Dear Parents of College Freshmen,
You’ve been waiting for this time of year all semester long. As you dropped your precious freshman off at Armstrong, Harbin, Cathcart or Sears Halls, you left wondering how they’d ever learn to call this new place home, and you started a countdown on your phone, ticking down the days until you’d see them again. Some of you cried as you pulled away from the dorm, and some of you beamed with happiness for the future of your child. It was a day full of emotion, to be sure.
But now, they’re coming home for Thanksgiving break. It’ll be the first full week they’ve been back home — although some of them dashed back earlier for a weekend of free laundry.
They’ll come bearing a basket full of weeks-old dirty laundry, and they’ll come bearing bags under their eyes bigger than the duffles and suitcases they’re carrying through your front door. It’ll be a week of laundry, sleeping until 1 p.m. and buying shampoo, body wash, toothpaste, deodorant, shaving cream, mouthwash and whatever else because your freshman has been stretching the remainder of their toiletries in hopes you would buy them more when they return home. Of course you will; you’re so happy they’re home that you’d do almost anything to shower them with love in the short one-week break.
The countdown you set when you left campus on move-in day is nearing its end. You’re so excited, and that’s great! Your freshman is excited as well. But remember when you wondered how they would ever learn to call this place home, too? It happened quicker than anyone expected.
When you left campus, they were on their own for the first time. I like to refer to this as the 24-hour phenomenon. In just a matter of 24 hours, your precious, sweet, beloved offspring finished packing their things, fell asleep in their bed (for the final time as a permanent member of your home), woke up the next morning, moved into a whole new world and suddenly were left to their own devices.
In 24 short hours, their world — and yours too — was turned upside down. But they were then living next to hundreds of their peers who were in the same boat. They relied on one another to ease the transition and their closeted emotion. Because they were suddenly living life with people in the same rocking boat as them, the banded together.
Banding together with new friends in a new place with nothing but the bright future within their reach, your freshman learned to call this place home quicker than anyone could have imagined. Armstrong Hall, despite it not resembling anything close to your suburban two-story craftsman, feels like an escape from class and a place in which — for whatever reason — yelling and making life-long memories happens best at 2 a.m. Cathcart Hall became the new downstairs den, where secrets were told and tears were shed about life’s stresses and struggles.
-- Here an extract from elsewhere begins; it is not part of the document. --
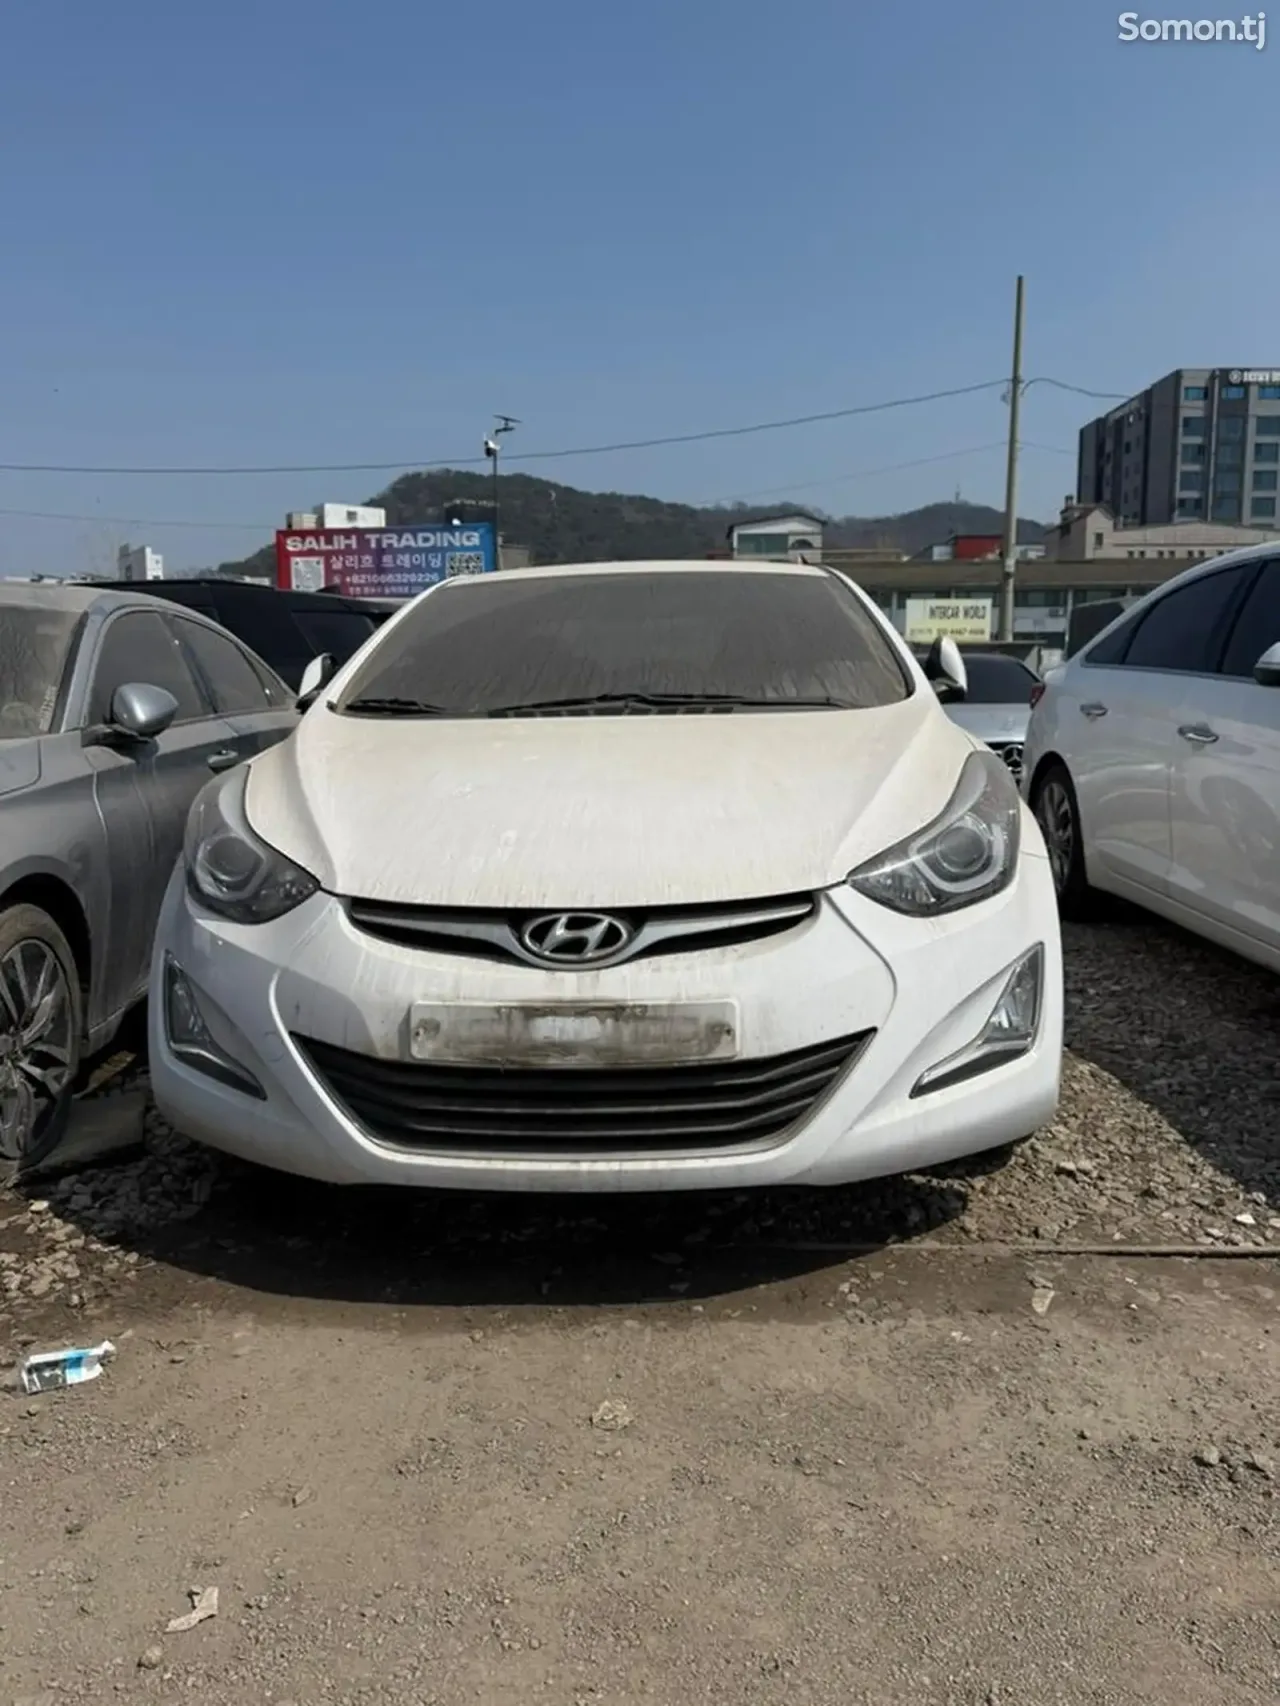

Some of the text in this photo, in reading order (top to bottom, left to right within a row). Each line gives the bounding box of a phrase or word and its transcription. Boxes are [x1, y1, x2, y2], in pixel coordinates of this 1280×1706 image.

[286, 531, 481, 551] SALIH TRADING
[381, 552, 442, 569] 트레이딩
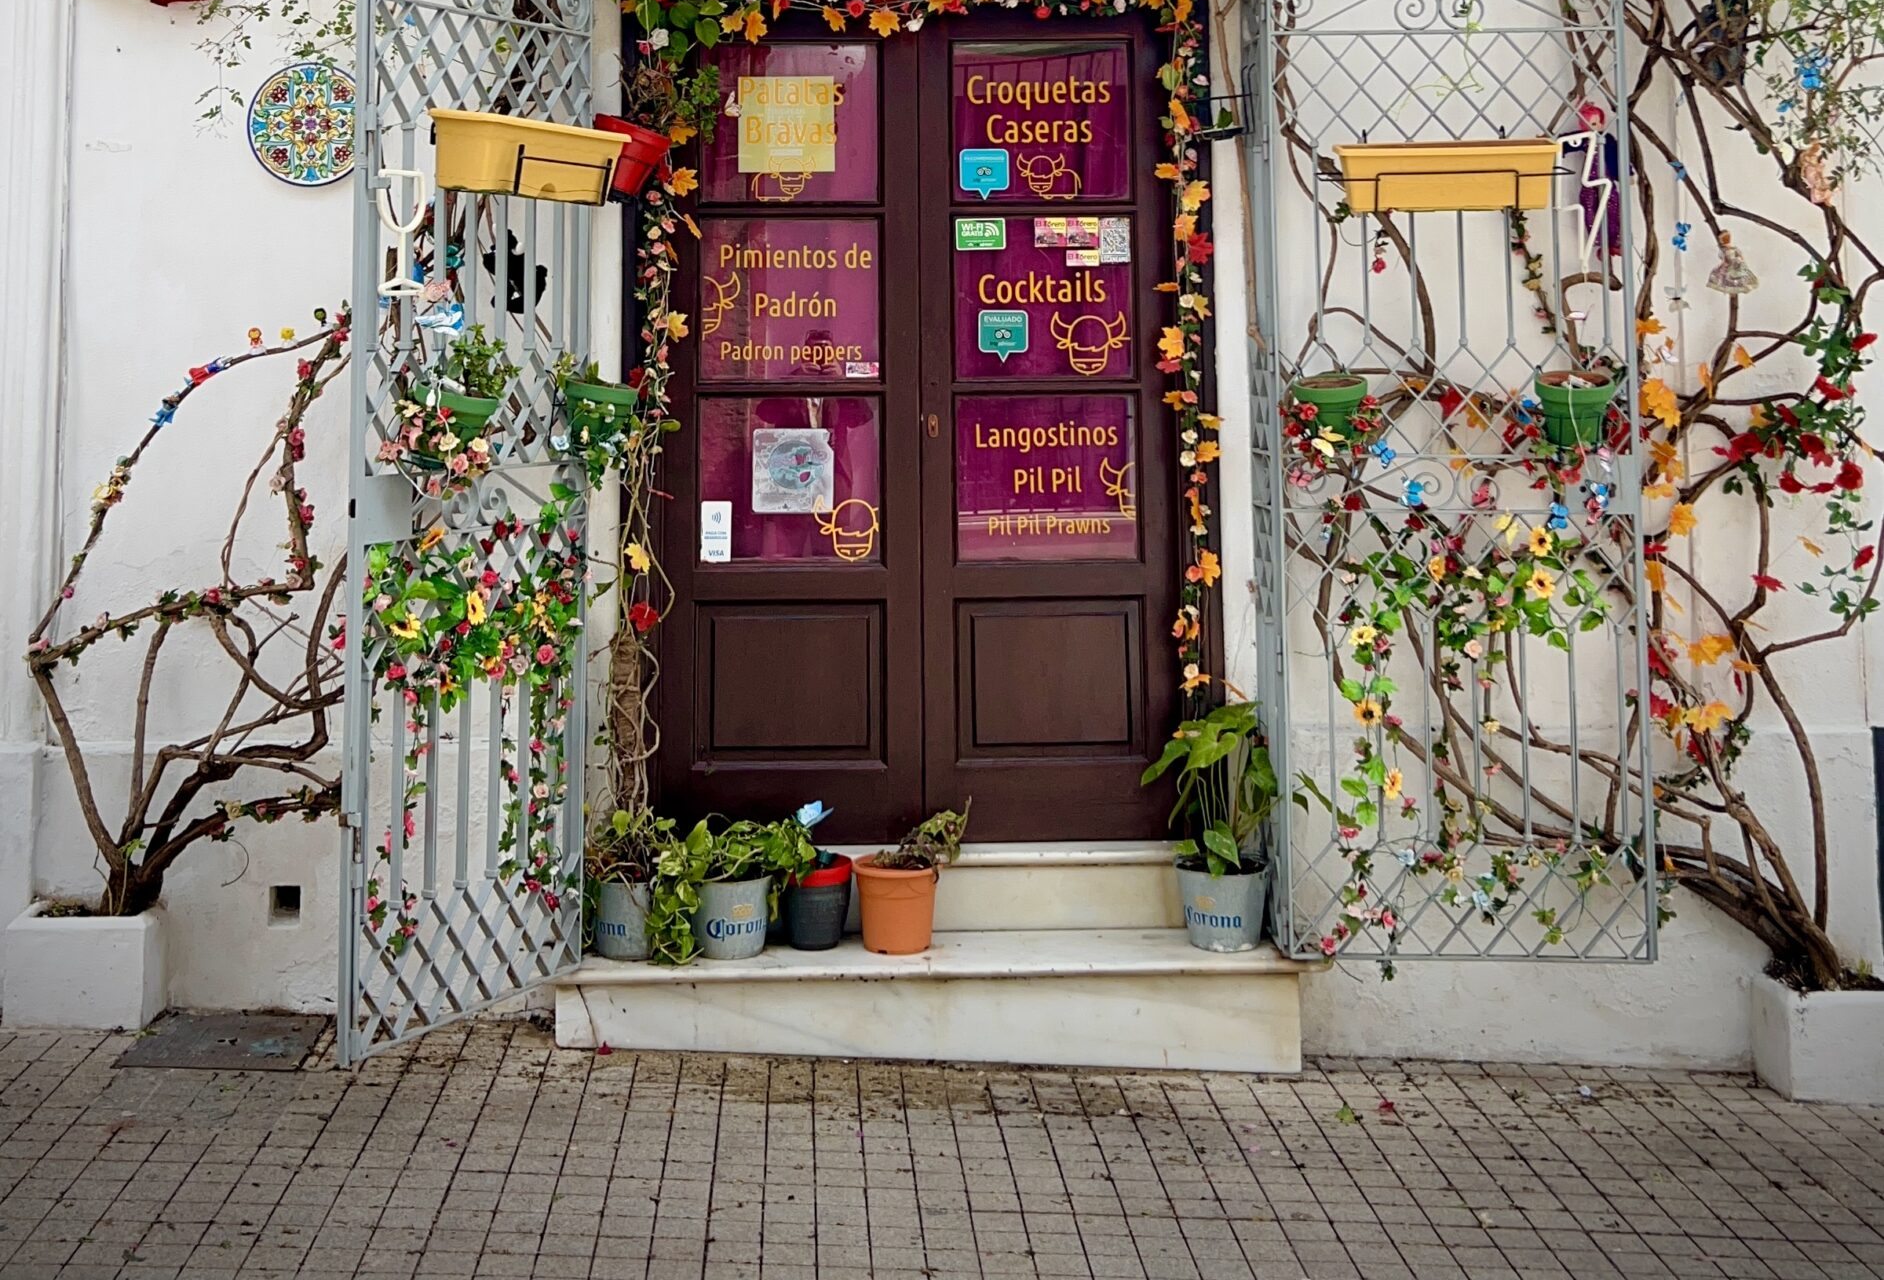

Your freshman is coming home for the first time all semester, but it doesn’t feel like home to them anymore. Home is weird; home isn’t where they grew up because they’re not growing there anymore, and it doesn’t feel right to call Harding home because it’s not, well, home. But deep down, Harding feels like home now.
You get it, too — whether you realize it or not. Your home isn’t the same anymore since they’ve been gone. You didn’t realize how the void they left would be so vast and empty.
This break might feel weird. Maybe your child has lost their southern accent or learned to say “y’all.” They’ll probably talk about social clubs, and you’ll have no idea what they mean by “beaux and queens.” You won’t know their new best friends like you always have.
You’ll want them to stay for longer than a week, but they’ll be bursting at the seams to return back to their new “home” from the moment they step back through your front door.
Cherish the week as you can and know the “home” they’re excited to get back to is a place where they’ve grown in love, self and faith. In this season of thankfulness, be thankful that your home isn’t their home anymore, as hard as it might be.